How to Automatically Block High-Risk Sign-ins with Microsoft Entra ID Protection: A Zero Trust Approach

How to Automatically Block High-Risk Sign-ins with Microsoft Entra ID Protection: A Zero Trust Approach

Introduction: Moving Beyond Static Rules to Intelligent Protection

In the world of cybersecurity, static rules are no longer enough. Adversaries are constantly evolving their tactics, using compromised credentials and sophisticated techniques to bypass traditional defenses. To truly embrace a Zero Trust model, we must move from a reactive posture to a proactive, intelligent one. This is where Microsoft Entra ID Protection comes in, a powerful tool that uses machine learning and threat intelligence to detect and respond to identity-based risks in real time.

This article provides a practical, step-by-step guide for IT administrators on how to leverage one of the most powerful features of Entra ID Protection: automatically blocking high-risk sign-ins using a Conditional Access policy. This single policy can be the difference between a near-miss and a catastrophic breach, acting as an automated security analyst that works 24/7 to protect your organization.

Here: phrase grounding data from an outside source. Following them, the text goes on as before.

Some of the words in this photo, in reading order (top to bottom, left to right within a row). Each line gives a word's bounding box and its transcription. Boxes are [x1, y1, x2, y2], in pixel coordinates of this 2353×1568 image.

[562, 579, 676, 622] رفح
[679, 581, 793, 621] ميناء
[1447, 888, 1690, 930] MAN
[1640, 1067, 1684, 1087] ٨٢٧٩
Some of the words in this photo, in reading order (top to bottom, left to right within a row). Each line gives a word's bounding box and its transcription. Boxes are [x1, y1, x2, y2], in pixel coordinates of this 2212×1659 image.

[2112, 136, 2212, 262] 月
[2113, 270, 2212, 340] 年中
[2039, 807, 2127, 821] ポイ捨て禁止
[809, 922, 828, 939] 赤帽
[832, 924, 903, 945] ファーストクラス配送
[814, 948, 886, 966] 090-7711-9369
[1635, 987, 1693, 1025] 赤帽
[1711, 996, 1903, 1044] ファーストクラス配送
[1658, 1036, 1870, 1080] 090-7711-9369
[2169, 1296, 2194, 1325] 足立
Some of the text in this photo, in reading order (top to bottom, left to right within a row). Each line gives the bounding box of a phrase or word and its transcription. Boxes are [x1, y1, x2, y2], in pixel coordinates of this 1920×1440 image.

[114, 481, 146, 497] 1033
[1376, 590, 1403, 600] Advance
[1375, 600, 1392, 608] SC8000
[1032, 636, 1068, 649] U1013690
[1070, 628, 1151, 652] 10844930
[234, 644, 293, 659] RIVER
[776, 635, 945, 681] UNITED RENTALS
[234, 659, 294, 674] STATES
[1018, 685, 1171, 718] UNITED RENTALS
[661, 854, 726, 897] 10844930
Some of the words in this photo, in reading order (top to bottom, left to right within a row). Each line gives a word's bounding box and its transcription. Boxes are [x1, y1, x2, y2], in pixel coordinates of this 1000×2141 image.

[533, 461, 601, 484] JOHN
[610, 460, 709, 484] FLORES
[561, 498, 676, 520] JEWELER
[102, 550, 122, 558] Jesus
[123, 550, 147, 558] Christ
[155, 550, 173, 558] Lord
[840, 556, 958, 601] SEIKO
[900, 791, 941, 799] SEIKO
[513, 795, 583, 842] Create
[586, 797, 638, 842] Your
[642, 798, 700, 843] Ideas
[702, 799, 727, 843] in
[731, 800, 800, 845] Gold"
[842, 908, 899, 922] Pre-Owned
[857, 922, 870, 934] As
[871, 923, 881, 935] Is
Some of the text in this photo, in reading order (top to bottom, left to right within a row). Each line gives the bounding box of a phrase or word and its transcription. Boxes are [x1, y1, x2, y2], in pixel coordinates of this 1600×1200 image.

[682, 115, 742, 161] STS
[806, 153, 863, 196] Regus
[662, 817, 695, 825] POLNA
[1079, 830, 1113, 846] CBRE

Microsoft's identity security team analyzes over 43 trillion signals daily to detect emerging threats. Entra ID Protection uses this massive dataset to power its risk detection engine, giving organizations of all sizes access to enterprise-grade threat intelligence.

Figure 1: Microsoft Entra ID Protection risk detections dashboard showing real-time threat intelligence.

Understanding Sign-in Risk: The Brains Behind the Policy

Before creating the policy, it's crucial to understand what a "risky sign-in" is. Microsoft Entra ID Protection calculates a risk score (Low, Medium, or High) for each sign-in based on a wide range of signals. These signals are indicators that a sign-in attempt may not be legitimate.

Risk Signal Category Examples
Anomalous Travel Sign-ins from geographically distant locations in a short period (impossible travel).
Unfamiliar Sign-in Properties A user signing in from a device, location, or IP address they have never used before.
Malware-linked IP Address The sign-in originates from an IP address known to be associated with malware or botnets.
Anonymous IP Address The sign-in comes from an anonymous proxy or the Tor network, often used to hide a user's true location.
Credential Stuffing / Password Spray Detection of a high volume of failed sign-ins with leaked credentials or common passwords.

By creating a policy that targets High risk sign-ins, we are telling Entra ID to automatically block access when its machine learning engine has a high degree of confidence that the sign-in attempt is malicious.

Prerequisites

  • Licensing: Microsoft Entra ID P2 is required for risk-based Conditional Access policies. This is included in licenses like Microsoft 365 E5 and is a core component of the advanced security stack.
  • Roles: You need the Conditional Access Administrator or Security Administrator role.
  • Emergency Access Account: Always have a "break-glass" account excluded from all policies to prevent accidental lockout.

Step-by-Step Guide: Creating the High-Risk Sign-in Policy

This policy is straightforward to create but incredibly powerful. We will configure it to block any sign-in attempt that Entra ID Protection flags as high-risk.

Figure 2: Creating a new Conditional Access policy to block high-risk sign-ins.

Step 1: Create a New Conditional Access Policy

  1. Navigate to the Microsoft Entra admin center > Protection > Conditional Access.
  2. Click + Create new policy.
  3. Give the policy a descriptive name, such as CA001 - BLOCK: High-Risk Sign-ins.

Step 2: Assign the Policy to Users

This policy should apply to everyone in your organization to ensure comprehensive protection.

  1. Under Assignments, click on Users.
  2. Select All users.
  3. Crucially, under the Exclude tab, select your emergency access accounts. This is your safety net.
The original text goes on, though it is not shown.